That’s the way I’ve always understood the expression, but the punishment aspect of the stick seems to have become fairly widespread, and perhaps even the dominant perception.
Donkeys aren’t stupid. They can be trained, just as a dog can be trained. In fact, you can apply the same metaphor to training a dog to do a task. You can reward him when he sits, or beat him when he doesn’t.
Okay, not to derail this thread but let’s straighten out this “carrot and stick” business once and for all.
Here’s how the story goes:
Little girl is sitting in a wagon but can’t get the horse to move. So she ties a carrot to the end of a stick and dangles it out in front of the horse Horse wants to eat the carrot and moves forward. As long as the carrot is in front of him he keeps moving. Problem solved!

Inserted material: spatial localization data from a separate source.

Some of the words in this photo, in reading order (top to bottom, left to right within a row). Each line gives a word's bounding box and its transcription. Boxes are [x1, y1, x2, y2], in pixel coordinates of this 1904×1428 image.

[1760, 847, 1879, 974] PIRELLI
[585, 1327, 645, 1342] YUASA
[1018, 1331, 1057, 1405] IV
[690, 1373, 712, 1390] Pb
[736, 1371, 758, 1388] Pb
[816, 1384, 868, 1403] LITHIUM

Yes, I had always imagined something like this image:
And apparently several others here had the same impression.
There’s no suggestion in that illustration (and the examples I had seen since childhood) that the stick will be used to punish the animal, merely the implication that the donkey is stupid enough to keep walking forward in a Sisyphean effort to reach a treat he will never attain. I thought that was the point of the metaphor.
Apparently, if @Railer13 (and Merriam Webster) are right, punishment has always been an element of the saying, and we’ve had the wrong end of the stick this whole time.

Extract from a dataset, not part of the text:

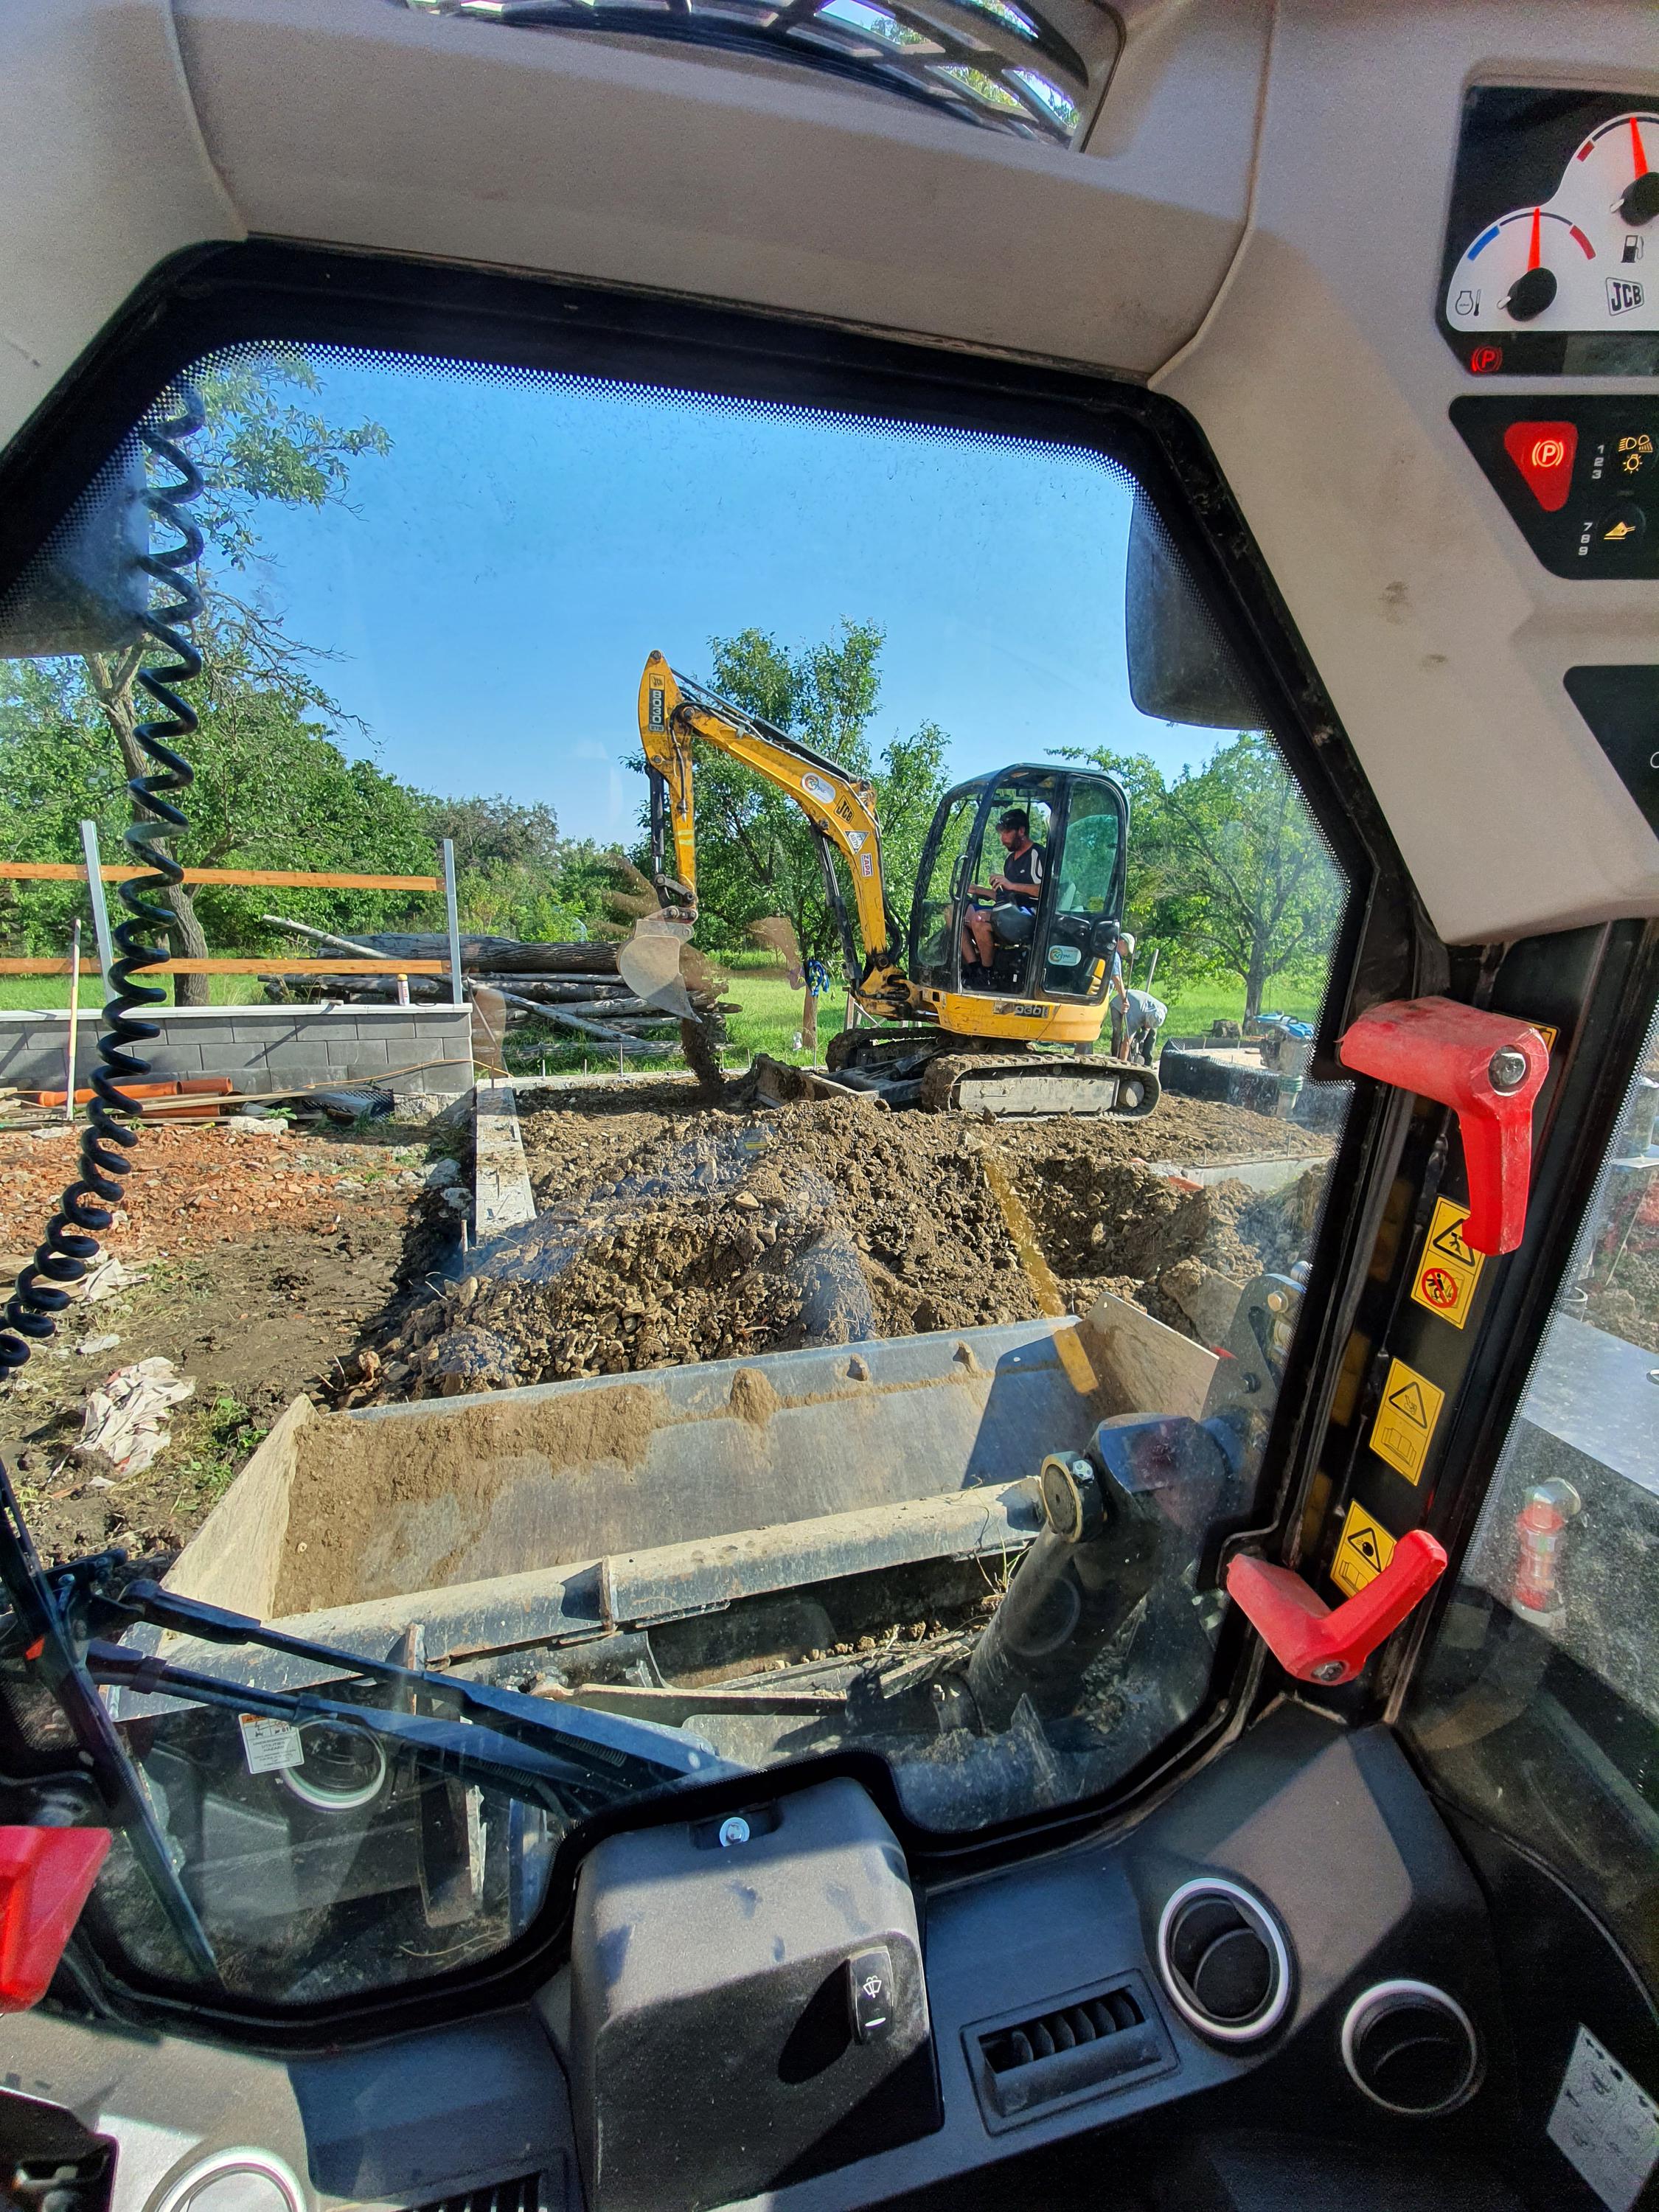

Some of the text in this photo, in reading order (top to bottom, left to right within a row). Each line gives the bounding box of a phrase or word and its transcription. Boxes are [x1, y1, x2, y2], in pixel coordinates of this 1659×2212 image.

The earliest English-language references to the “carrot and stick” come from authors in the mid-1800s who in turn wrote in reference to a “caricature” or cartoon of the time that depicted a race between donkey riders, with the losing jockey using the strategy of beating his steed with “blackthorn twigs” to urge it forward, while the winner of the race sits in his saddle relaxing and holding the butt end of his baited stick.[1][2] In fact, in some oral traditions, turnips were used instead of carrots as the donkey’s temptation.
Yup. That is how I have always understood the phrase to mean. I think people just misheard it as “carrot OR stick” and thought it meant reward or punishment. It doesn’t. It means something where the reward is just always out of reach. Nothing whatsoever to do with punishment.

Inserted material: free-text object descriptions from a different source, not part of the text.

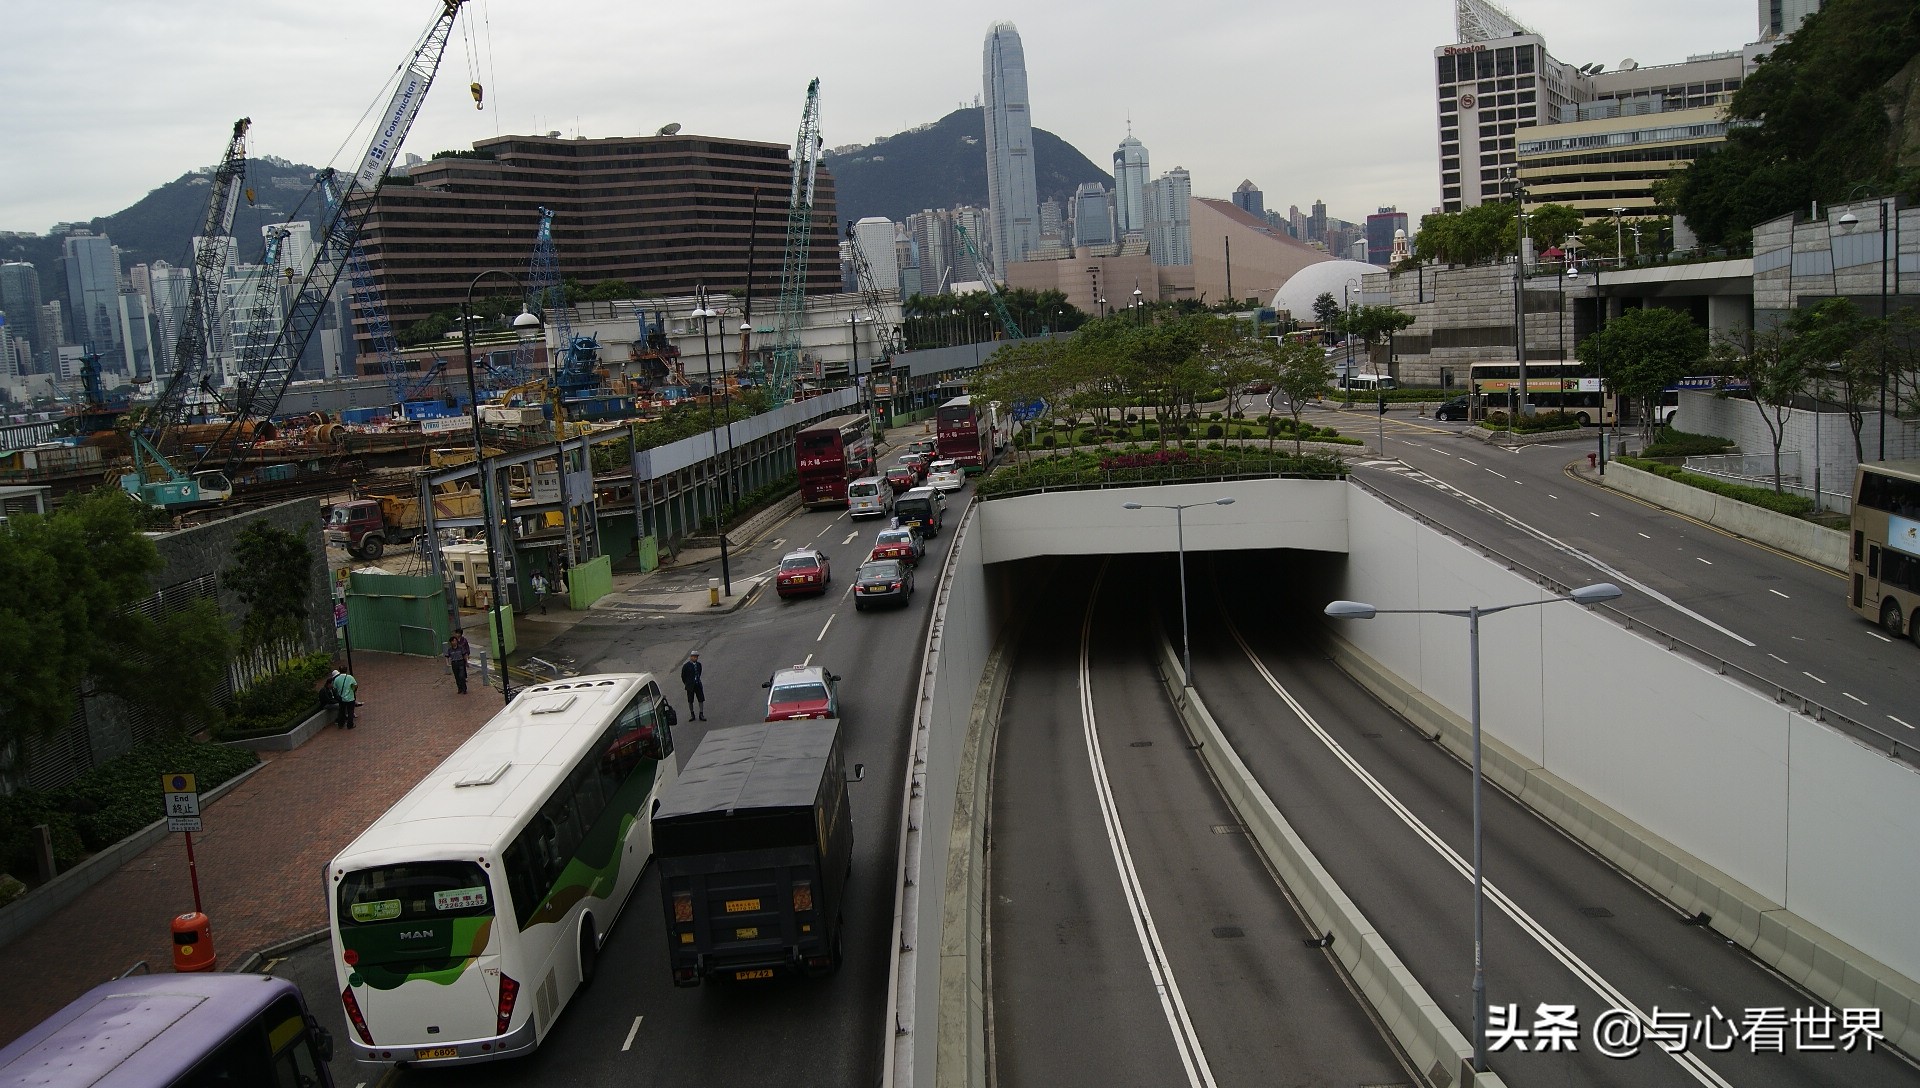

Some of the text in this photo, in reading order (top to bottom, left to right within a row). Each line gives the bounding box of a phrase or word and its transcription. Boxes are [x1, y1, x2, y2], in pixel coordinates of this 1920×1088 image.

[1444, 44, 1486, 56] Sheraton
[380, 138, 389, 149] In
[385, 80, 416, 138] Construction
[172, 803, 194, 814] 終止
[400, 929, 434, 940] MAN
[740, 970, 770, 979] PY 742
[419, 1048, 456, 1058] PT 6805

“The carrot and the stick” reminds me of “A rolling stone gathers no moss,” which has two completely opposite meanings. I find that Europeans understand it in one way, while Americans understand it in the other.
If you Google “Carrot and stick”, you will find far more references to reward/punishment than dangling a reward just out of reach. Although, as @commasense noted, there are references to both meanings, including in the Wiki article that was linked. Here’s the opening sentence from that article:
The phrase “carrot and stick” is a metaphor for the use of a combination of reward and punishment to induce a desired behavior.
On a back-to-the-topic note, I must admit that I did not know that ‘Brave New World’ was published in 1932. I thought it was after WWII. So, I obviously missed FJ yesterday.